I don’t know about you, but I’m uncomfortable with the modern perspective on forgiveness. Part of the problem is that I am from a different age, but I don’t offer that as an excuse. It could simply mean that I am rooted in the past and fearful of progress.
Before addressing that possibility, let me explain what I mean by the modern perspective on forgiveness. These quotations will serve that purpose:
If you decide there is nothing to forgive yourself for, you are free to put away shame and guilt and move forward. If, on the other hand, you decide that you need to forgive yourself . . . now may be the time to transform yourself into a friend—by forgiving yourself. Beverly Flanigan, Forgiving Yourself
Your inner child depends on you for the love and approval that you may not have received when you were a child. Going within and learning to love and comfort that inner child will bring many wonderful changes to the quality of your life. Louise L. Hay, Forgiveness: Loving the Inner Child
If you’ve struggled with self-forgiveness for years . . . you will now come to know that you are every bit as deserving of forgiveness as anyone else and will love yourself enough to give it. Colin Tipping, Radical Self-Forgiveness
To consolidate these ideas, forgiving ourselves is presented as a good thing, a way of befriending ourselves and gaining the emotional comfort we didn’t get as children. Moreover, forgiveness is not something to be earned but something we deserve and are entitled to, and all it takes to gain it is to love ourselves.

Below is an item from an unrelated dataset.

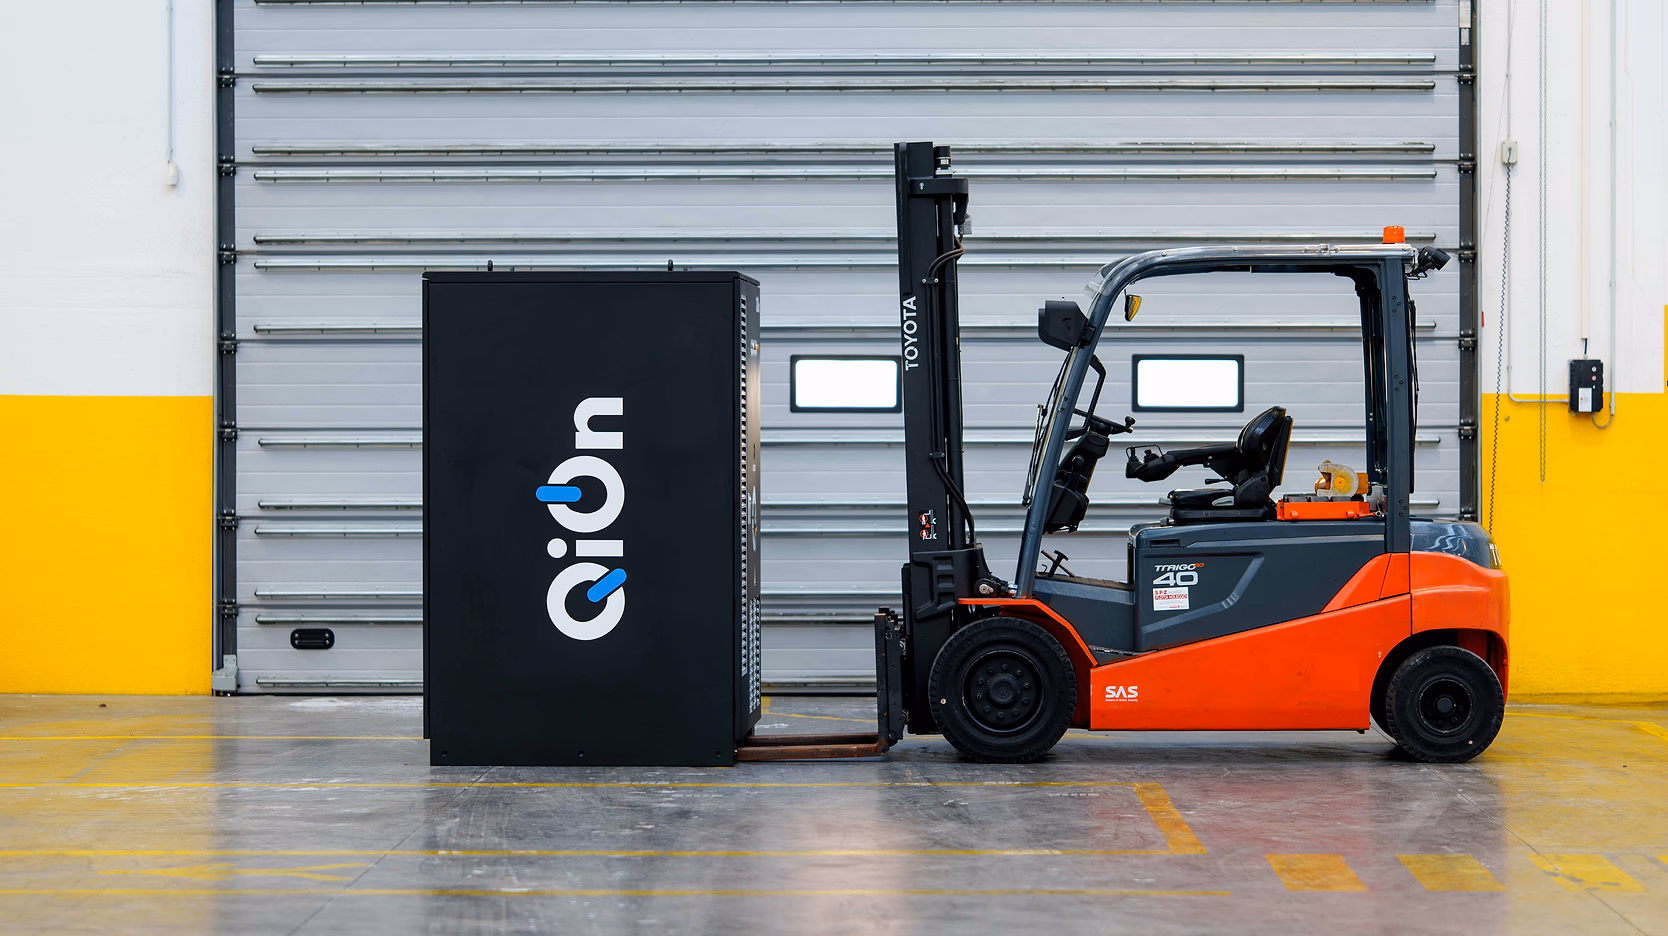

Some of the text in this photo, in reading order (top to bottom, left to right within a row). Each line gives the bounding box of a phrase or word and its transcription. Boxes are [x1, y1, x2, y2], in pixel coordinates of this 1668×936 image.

[902, 296, 919, 371] TOYOTA
[535, 397, 627, 641] QiOn
[1153, 571, 1198, 586] 40
[1106, 686, 1138, 698] SAS

To many younger readers, this perspective will seem perfectly reasonable. So much so, in fact, that they would wonder what inclines me, or anyone else, to question it.
Historically, forgiveness has been defined as setting aside resentment and grudges toward others for what they have done to us. The traditional perspective follows that definition and focuses on forgiving others. In contrast, the modern perspective departs from that definition and focuses on forgiving ourselves.
Over the centuries, philosophers have stressed the importance of forgiving others for their offenses and asking their forgiveness for ours. Most religions—including Judaism, Christianity, Buddhism, and Islam—offer this teaching. Some, notably Christianity, emphasize as well that our requests for forgiveness should go beyond merely acknowledging our offenses and also make amends and demonstrate a genuine intention of not committing the offenses again.
From this historic perspective, forgiving ourselves for our offenses to others makes no sense because forgiveness in such cases is not ours to give. Only the forgiveness of those we offended can satisfy the demands of the situation.
To get a sense of the absurdity of forgiving ourselves for offending others, imagine a group therapy session devoted to that task. Each person in the group would verbalize his or her self-forgiveness:
Agnes would forgive herself for shoplifting from the department store
Bill would forgive himself for cheating on his wife
Alice would forgive herself for spreading rumors about a co-worker
Claude would forgive himself for gambling away the rent money.
Presumably, when the session was over, the participants would have banished all feelings of guilt or shame and would leave the meeting feeling much better about themselves. But would the feelings be justified? No. The only way those individuals could deserve to feel better about themselves is if they did something to merit that feeling. For example:
Agnes could send the store manager a written apology and include cash to cover the price of what she stole. (Doing this anonymously would avoid prosecution.)
Bill might not be able to tell his wife about his cheating without endangering his marriage, but he could find concrete ways to become a better husband, and of course to avoid future temptations.
Alice could tell her victim what she had done and apologize for it. In addition, she could tell those she had spoken to that she regretted her words because they were nothing more than rumor.
Claude could apologize to his wife and children and make up the lost rent money by forgoing personal expenditures for a period of time.
The champions of self-forgiveness have other arguments for self-forgiveness, of course. One is that some people need to forgive themselves because they sometimes blame themselves for things they are not really responsible for—for example, children blaming themselves for their parents’ divorces, misguided souls believing that by not being sufficiently “green” they have personally caused global climate change. However, what is needed in such cases is simply greater discernment rather than self-forgiveness.
Another, more substantive argument is that we all need to forgive ourselves to relieve the burden of conscience we suffer when we offend others. But this argument overlooks the fact that our consciences are rarely as sensitive and well developed as might be imagined, largely because most of us are adept at denying responsibility for, rationalizing, and excusing our bad behavior. And in cases of more highly developed consciences, seeking forgiveness from those we have offended is more salutary than forgiving ourselves.
The argument that forgiving ourselves relieves the burden of conscience also misses the dynamic of seeking forgiveness. Apologizing and making amends are humbling acts that in themselves provide relief to a troubled conscience, even if the offended person denies us forgiveness. And if that person forgives us, the relief to our conscience is intensified.
Seeking and receiving forgiveness for our offenses does not undo them—that is never possible—but it does to a great extent balance evil with good. And that is a result that cannot be achieved by the purely indulgent act of forgiving ourselves.
Let’s return to the issue I proposed at the beginning. Is discomfort with people forgiving themselves merely a matter of being out of step with the times? I don’t believe so. I think it is, instead, a matter of the times being out of step with the hard-won insights of the generations.